Tool Briefing: Number 6 is AWOL

Diagnosing engine power loss with vacuum and compression testing, valve timing testing and more.

Leave the compression gauge installed in the problem cylinder and install the remaining spark plugs. Some techs prefer to remove the gauge’s Schrader valve for this test, but it’s not necessary. With the engine running at idle, briefly press the gauge’s release valve to ‘burp’ the gauge, then let it close again. The reading should stabilize at about half the cranking compression. Quickly snap the throttle wide open and then release it. The reading should increase to about 80 percent of cranking compression. Repeat this test on the other cylinders and record the readings.

Low running compression, particularly in the snap-throttle test, indicates an intake restriction.
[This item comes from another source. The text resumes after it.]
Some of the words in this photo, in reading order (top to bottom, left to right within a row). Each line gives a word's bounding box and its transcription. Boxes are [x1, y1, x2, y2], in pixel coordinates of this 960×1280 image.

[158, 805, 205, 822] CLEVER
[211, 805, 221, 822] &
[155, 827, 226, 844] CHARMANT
High running compression indicates an exhaust restriction. The readings for all cylinders should be about the same. If a cam lobe has slipped, running compression will be high or low on that cylinder, and you’ll know whether it’s the intake or exhaust lobe.

All of these compression tests can also be performed with a pressure transducer and oscilloscope. Instead of comparing lists of numbers, you can see the results graphically, store them and even print them.

Leak Down Testing

A leak down test is a static test that will show where a cylinder is leaking. The tester uses a gauge to measure input air pressure and a second gauge to measure the pressure inside the cylinder. The difference between the gauge readings indicates the percentage of air pressure leaking out of the cylinder. If supply pressure is 100 psi and the cylinder can hold 85 psi, that indicates 15 percent leakage. Some techs use only 50 psi for this test because lower pressure reduces the risk of pushing the piston down, and it’s just as accurate. However most techs use 100 psi, probably because it's closer to the engine’s cranking compression. It makes the math easier too.
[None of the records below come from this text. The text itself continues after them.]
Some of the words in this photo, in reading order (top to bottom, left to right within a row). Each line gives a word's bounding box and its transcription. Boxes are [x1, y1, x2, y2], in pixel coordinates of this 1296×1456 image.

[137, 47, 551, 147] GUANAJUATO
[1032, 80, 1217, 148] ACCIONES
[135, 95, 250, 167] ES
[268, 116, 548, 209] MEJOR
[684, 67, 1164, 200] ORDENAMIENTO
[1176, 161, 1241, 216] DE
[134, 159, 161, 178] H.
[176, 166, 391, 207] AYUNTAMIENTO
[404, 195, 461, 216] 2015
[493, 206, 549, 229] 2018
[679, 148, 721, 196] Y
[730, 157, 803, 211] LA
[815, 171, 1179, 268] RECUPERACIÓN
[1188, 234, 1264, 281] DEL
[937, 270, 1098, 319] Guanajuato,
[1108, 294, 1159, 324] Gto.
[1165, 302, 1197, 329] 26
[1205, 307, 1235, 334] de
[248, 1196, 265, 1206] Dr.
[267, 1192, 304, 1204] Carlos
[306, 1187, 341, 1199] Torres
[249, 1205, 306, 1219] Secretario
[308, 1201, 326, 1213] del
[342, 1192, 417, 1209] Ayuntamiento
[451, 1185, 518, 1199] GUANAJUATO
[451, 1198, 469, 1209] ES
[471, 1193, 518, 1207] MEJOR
The piston should be at TDC and on the upstroke so the rings have the best opportunity to seal where they normally do on the piston ring land. Ten percent leak down for each cylinder is acceptable, and it may be hard to tell where the air is leaking out.


If leak down is greater, listen at the tailpipe, at the throttle opening, and at the oil filler to determine whether air is leaking past the exhaust valve, intake valve or rings.

When looking for engine mechanical problems serious enough to cause a driveability issue, the tools and techniques haven’t changed much over the years. But such problems have become rare enough that the diagnosis is becoming a lost art. It helps to keep in mind what’s happening inside that engine, and keep notes of all your test data too. Sometimes experience is the best tool you can have.